I am Daniel Handler, the author of this book. Did you know that authors often write the summaries that appear on their book's dust jacket? You might want to think about that the next time you read something like, "A dazzling page-turner, this novel shows an internationally acclaimed storyteller at the height of his astonishing powers."

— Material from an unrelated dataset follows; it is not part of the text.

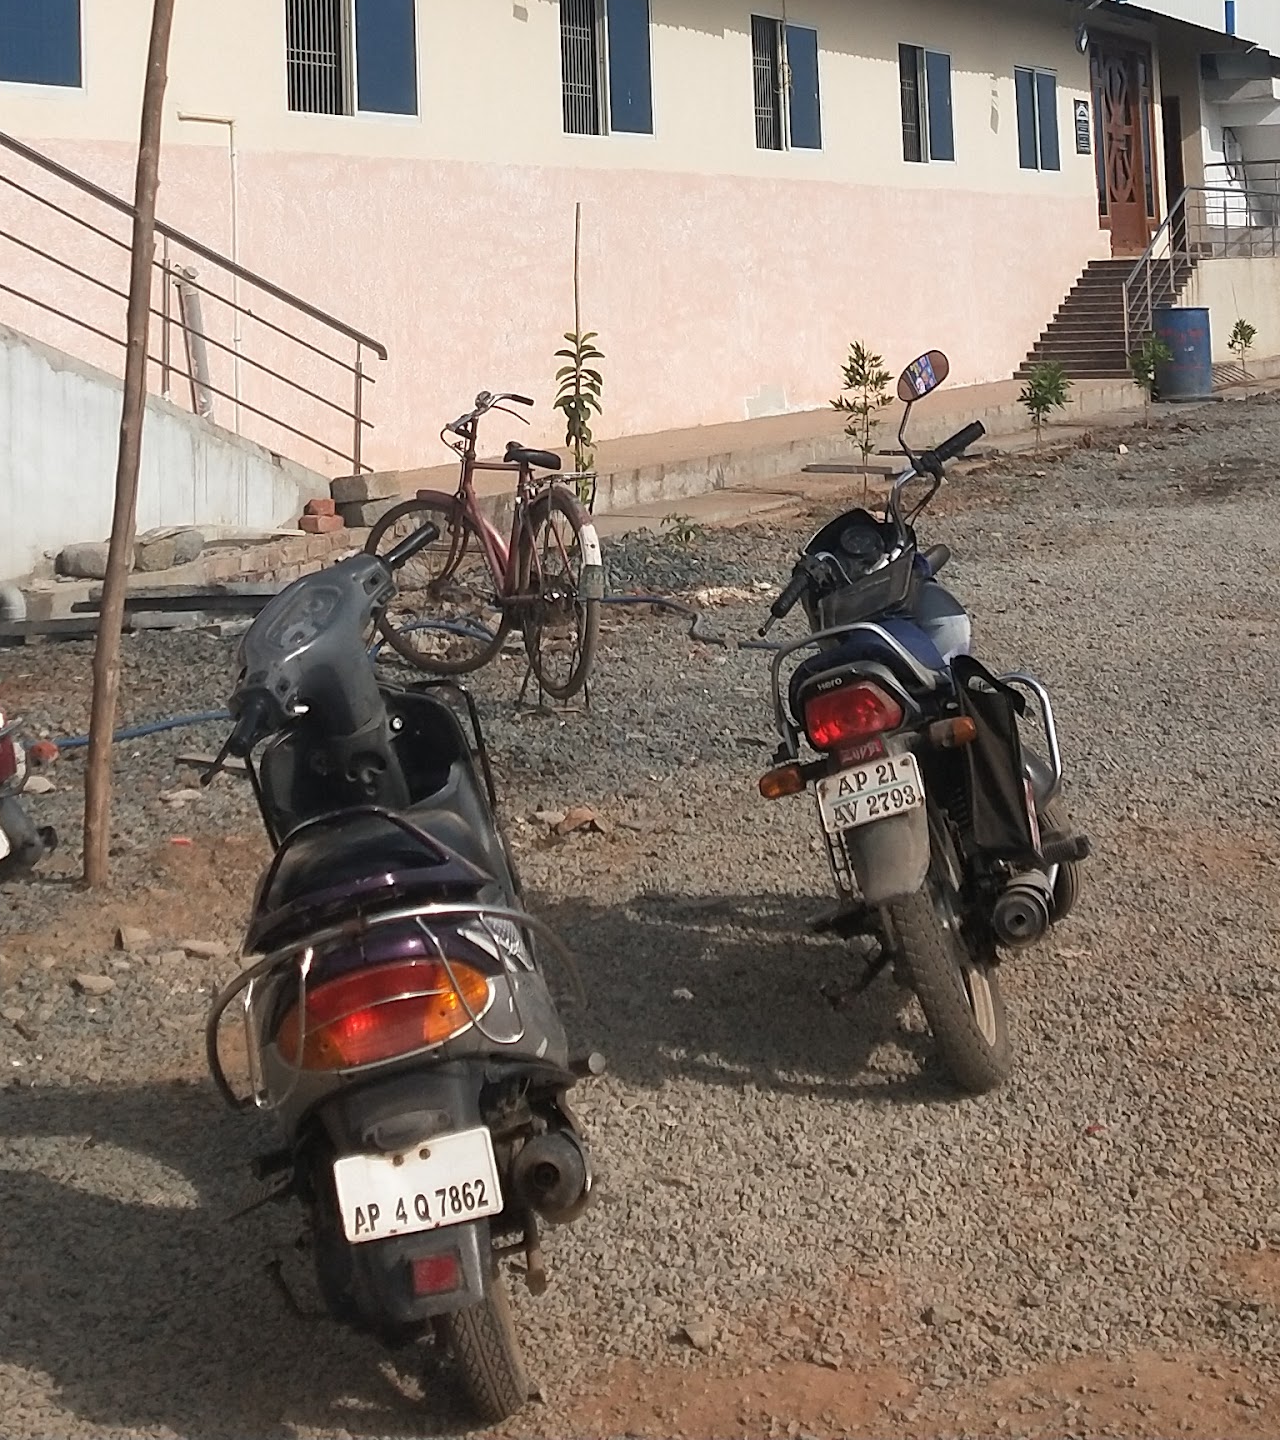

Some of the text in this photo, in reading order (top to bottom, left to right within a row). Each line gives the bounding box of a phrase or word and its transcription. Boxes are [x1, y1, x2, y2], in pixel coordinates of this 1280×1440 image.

Adverbs is a novel about love -- a bunch of different people, in and out of different kinds of love. At the start of the novel, Andrea is in love with David -- or maybe it's Joe -- who instead falls in love with Peter in a taxi. At the end of the novel, it's Joe who's in the taxi, falling in love with Andrea, although it might not be Andrea, or in any case it might not be the same Andrea, as Andrea is a very common name. So is Allison, who is married to Adrian in the middle of the novel, although in the middle of the ocean she considers a fling with Keith and also with Steve, whom she meets in an automobile, unless it's not the same Allison who meets the Snow Queen in a casino, or the same Steve who meets Eddie in the middle of the forest. . . .

It might sound confusing, but that's love, and as the author -- me -- says, "It is not the nouns. The miracle is the adverbs, the way things are done." This novel is about people trying to find love in the ways it is done before the volcano erupts and the miracle ends. Yes, there's a volcano in the novel. In my opinion a volcano automatically makes a story more interesting.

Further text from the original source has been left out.